### Exercise goal
Return the data below unaltered, but strip out the pictures.

[Extracted records]
___
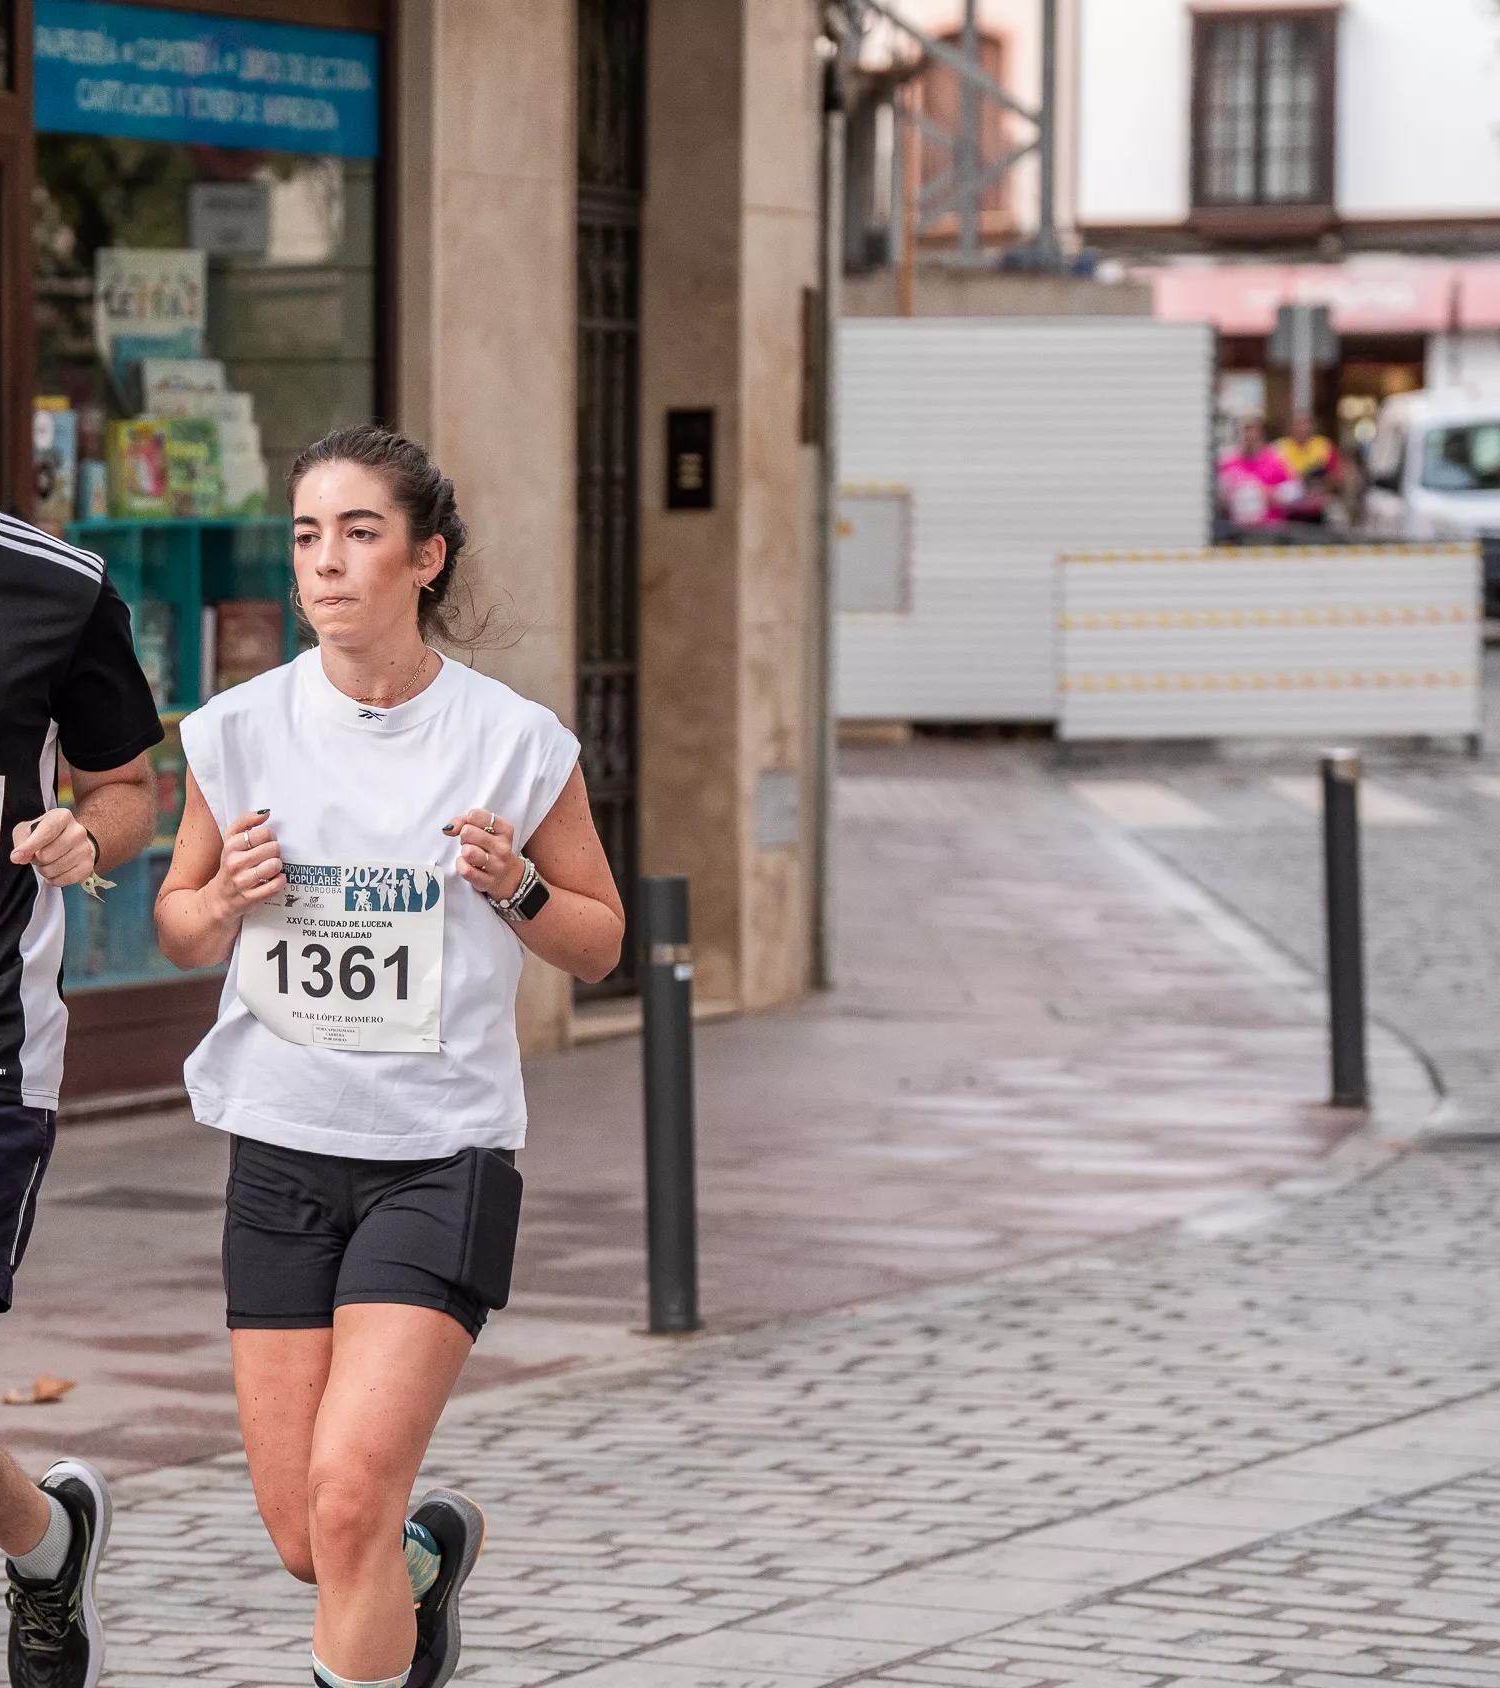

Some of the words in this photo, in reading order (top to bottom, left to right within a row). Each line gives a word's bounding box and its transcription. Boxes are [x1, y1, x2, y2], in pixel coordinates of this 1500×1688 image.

[282, 863, 328, 877] PROVINCIAL
[330, 866, 341, 877] DE
[289, 874, 342, 886] POPULARES
[345, 866, 399, 887] 2024
[290, 884, 300, 892] DE
[304, 885, 342, 894] CÓRDOBA
[286, 916, 303, 925] XXV
[303, 918, 317, 926] C.P.
[318, 919, 348, 928] CIUDAD
[349, 920, 360, 928] DE
[361, 920, 393, 928] LUCENA
[302, 930, 317, 938] POR
[318, 930, 329, 938] LA
[330, 931, 372, 939] IGUALDAD
[266, 940, 409, 1001] 1361
[292, 1011, 316, 1021] PILAR
[316, 1012, 343, 1023] LÓPEZ
[344, 1015, 384, 1024] ROMERO
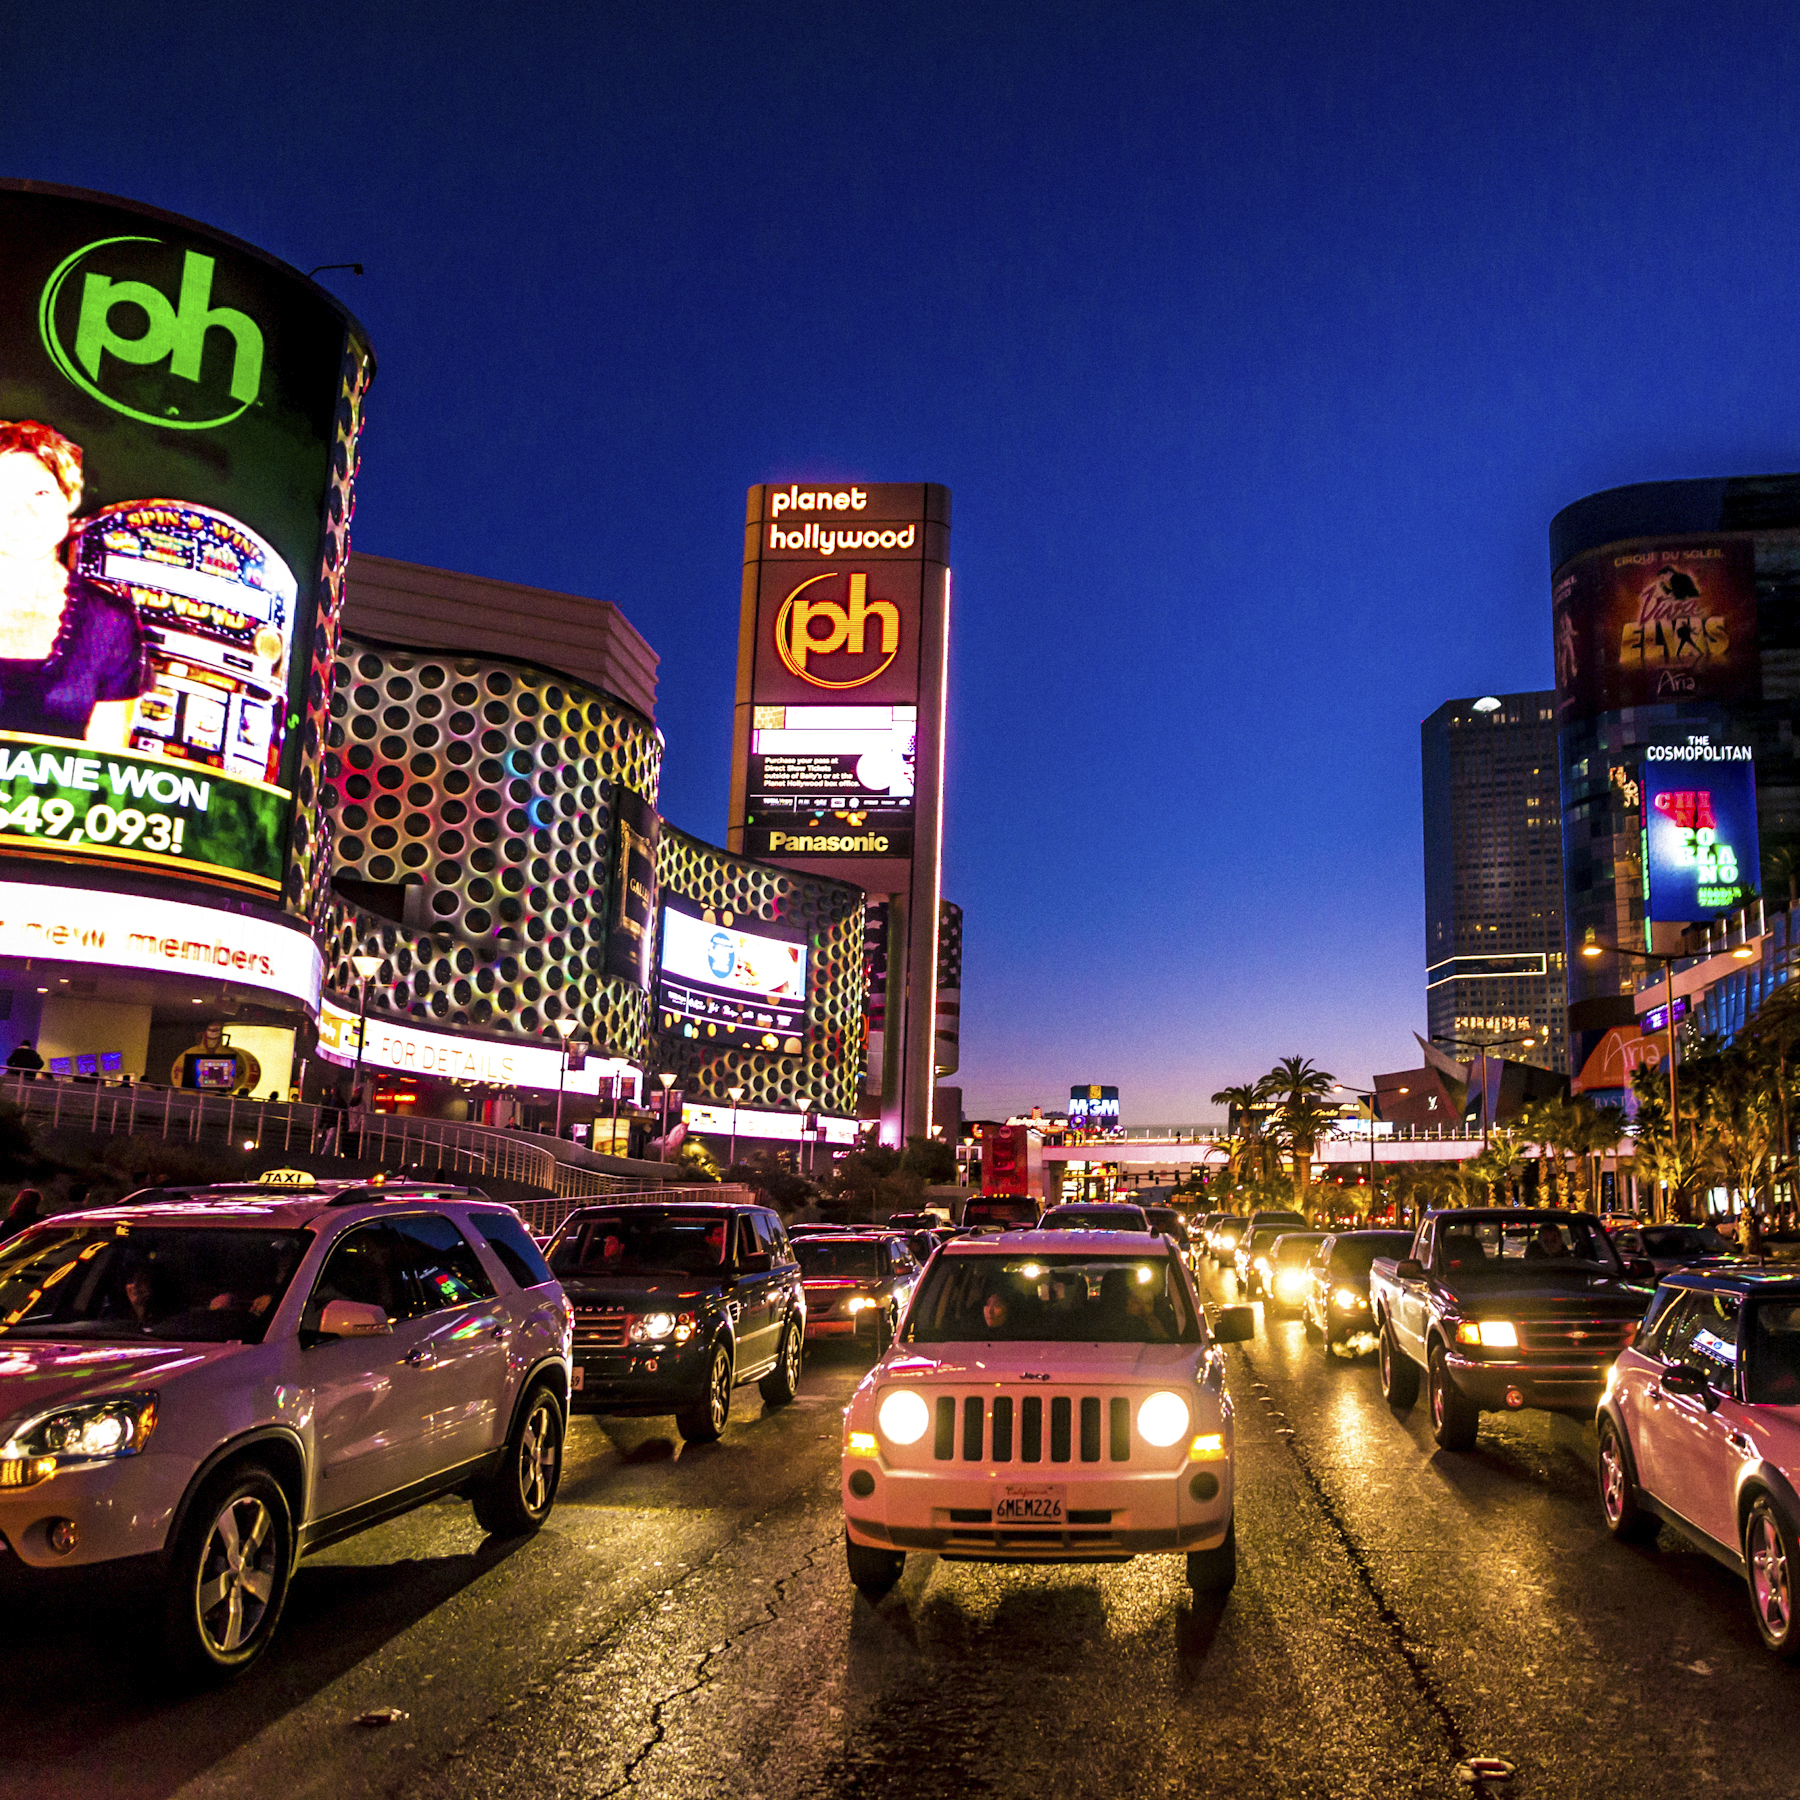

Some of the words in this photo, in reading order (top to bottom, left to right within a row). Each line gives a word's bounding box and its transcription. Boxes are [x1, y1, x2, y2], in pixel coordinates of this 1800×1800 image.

[75, 250, 264, 404] ph
[771, 485, 867, 518] planet
[126, 511, 181, 527] SPIN
[769, 523, 916, 555] hollywood
[1662, 550, 1681, 561] DU
[789, 572, 900, 670] ph
[1656, 670, 1696, 694] Aria
[1688, 736, 1710, 746] THE
[1646, 746, 1752, 761] COSMOPOLITAN
[0, 748, 101, 792] ANE
[108, 762, 210, 811] WON
[787, 780, 824, 788] Hollywood
[769, 832, 889, 852] Panasonic
[23, 922, 107, 948] new
[127, 933, 276, 976] members.
[381, 1037, 416, 1069] FOR
[422, 1046, 515, 1081] DETAILS
[1603, 1032, 1661, 1073] Aria
[1068, 1098, 1120, 1117] MGM
[265, 1173, 302, 1182] TAXI
[1019, 1371, 1050, 1381] Jeep
[996, 1498, 1062, 1517] 6MEM226
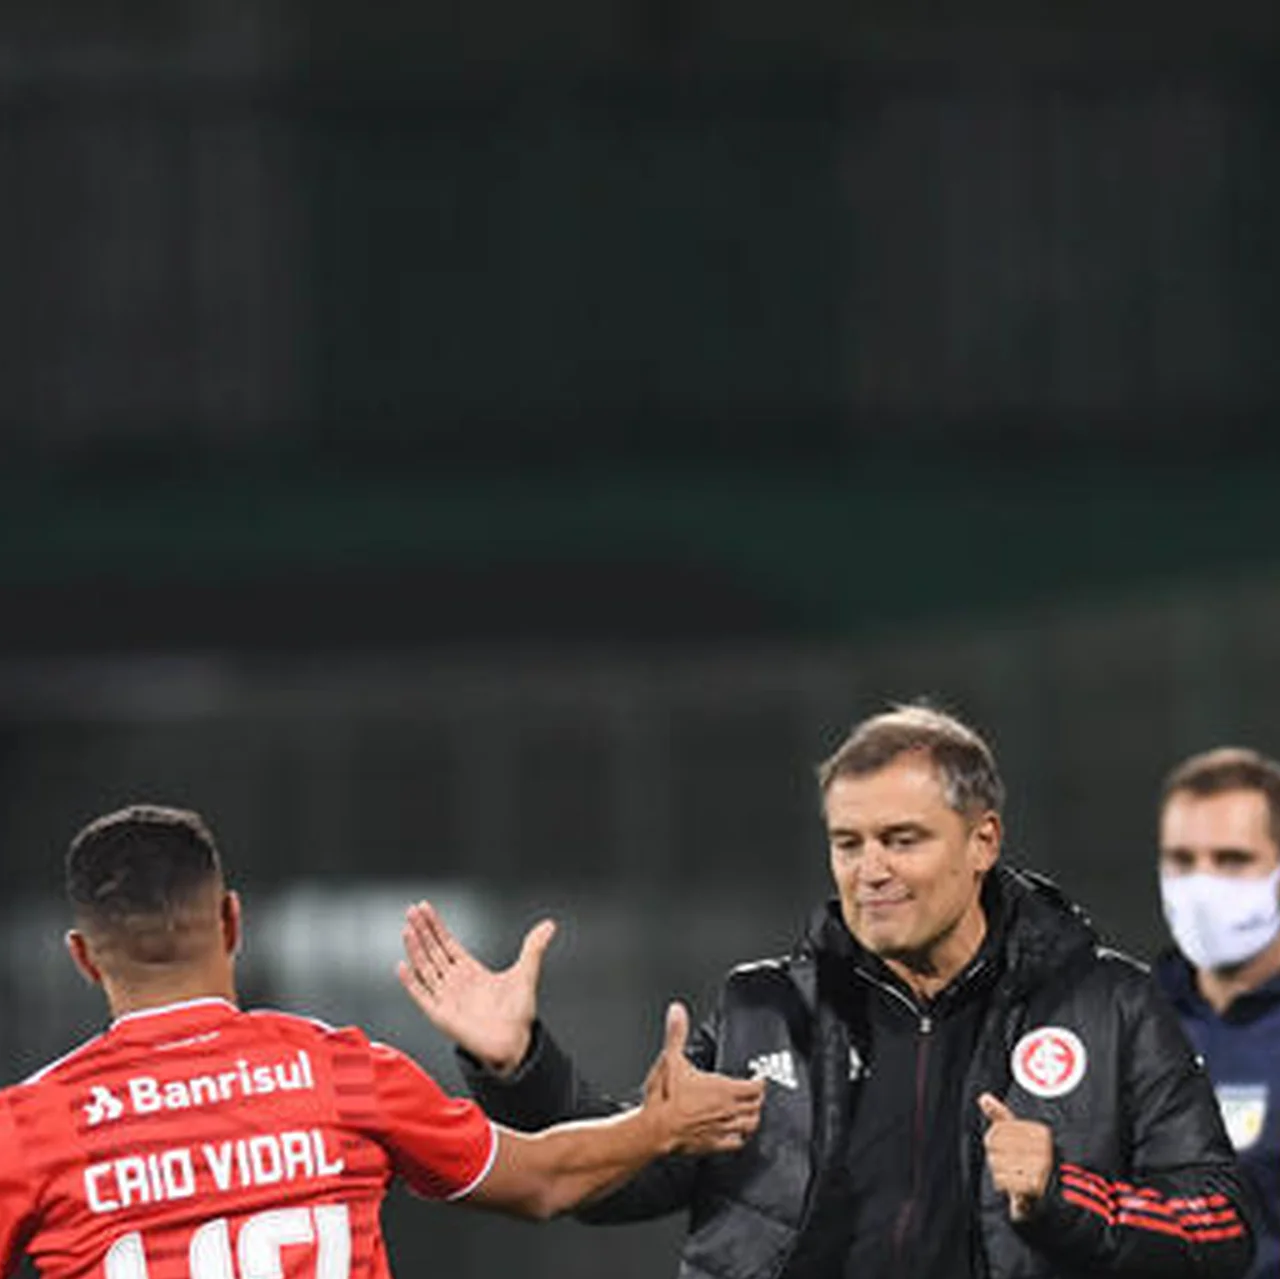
___
### Problem solution
Some of the words in this photo, in reading order (top to bottom, left to right within a row). Each line gives a word's bounding box and its transcription. Boxes are [x1, y1, x2, y2], in pixel coordinates of this 1500×1688 image.

[282, 863, 328, 877] PROVINCIAL
[330, 866, 341, 877] DE
[289, 874, 342, 886] POPULARES
[345, 866, 399, 887] 2024
[290, 884, 300, 892] DE
[304, 885, 342, 894] CÓRDOBA
[286, 916, 303, 925] XXV
[303, 918, 317, 926] C.P.
[318, 919, 348, 928] CIUDAD
[349, 920, 360, 928] DE
[361, 920, 393, 928] LUCENA
[302, 930, 317, 938] POR
[318, 930, 329, 938] LA
[330, 931, 372, 939] IGUALDAD
[266, 940, 409, 1001] 1361
[292, 1011, 316, 1021] PILAR
[316, 1012, 343, 1023] LÓPEZ
[344, 1015, 384, 1024] ROMERO

Some of the words in this photo, in reading order (top to bottom, left to right within a row). Each line gives a word's bounding box and its transcription. Boxes are [x1, y1, x2, y2], in pixel coordinates of this 1800×1800 image.

[75, 250, 264, 404] ph
[771, 485, 867, 518] planet
[126, 511, 181, 527] SPIN
[769, 523, 916, 555] hollywood
[1662, 550, 1681, 561] DU
[789, 572, 900, 670] ph
[1656, 670, 1696, 694] Aria
[1688, 736, 1710, 746] THE
[1646, 746, 1752, 761] COSMOPOLITAN
[0, 748, 101, 792] ANE
[108, 762, 210, 811] WON
[787, 780, 824, 788] Hollywood
[769, 832, 889, 852] Panasonic
[23, 922, 107, 948] new
[127, 933, 276, 976] members.
[381, 1037, 416, 1069] FOR
[422, 1046, 515, 1081] DETAILS
[1603, 1032, 1661, 1073] Aria
[1068, 1098, 1120, 1117] MGM
[265, 1173, 302, 1182] TAXI
[1019, 1371, 1050, 1381] Jeep
[996, 1498, 1062, 1517] 6MEM226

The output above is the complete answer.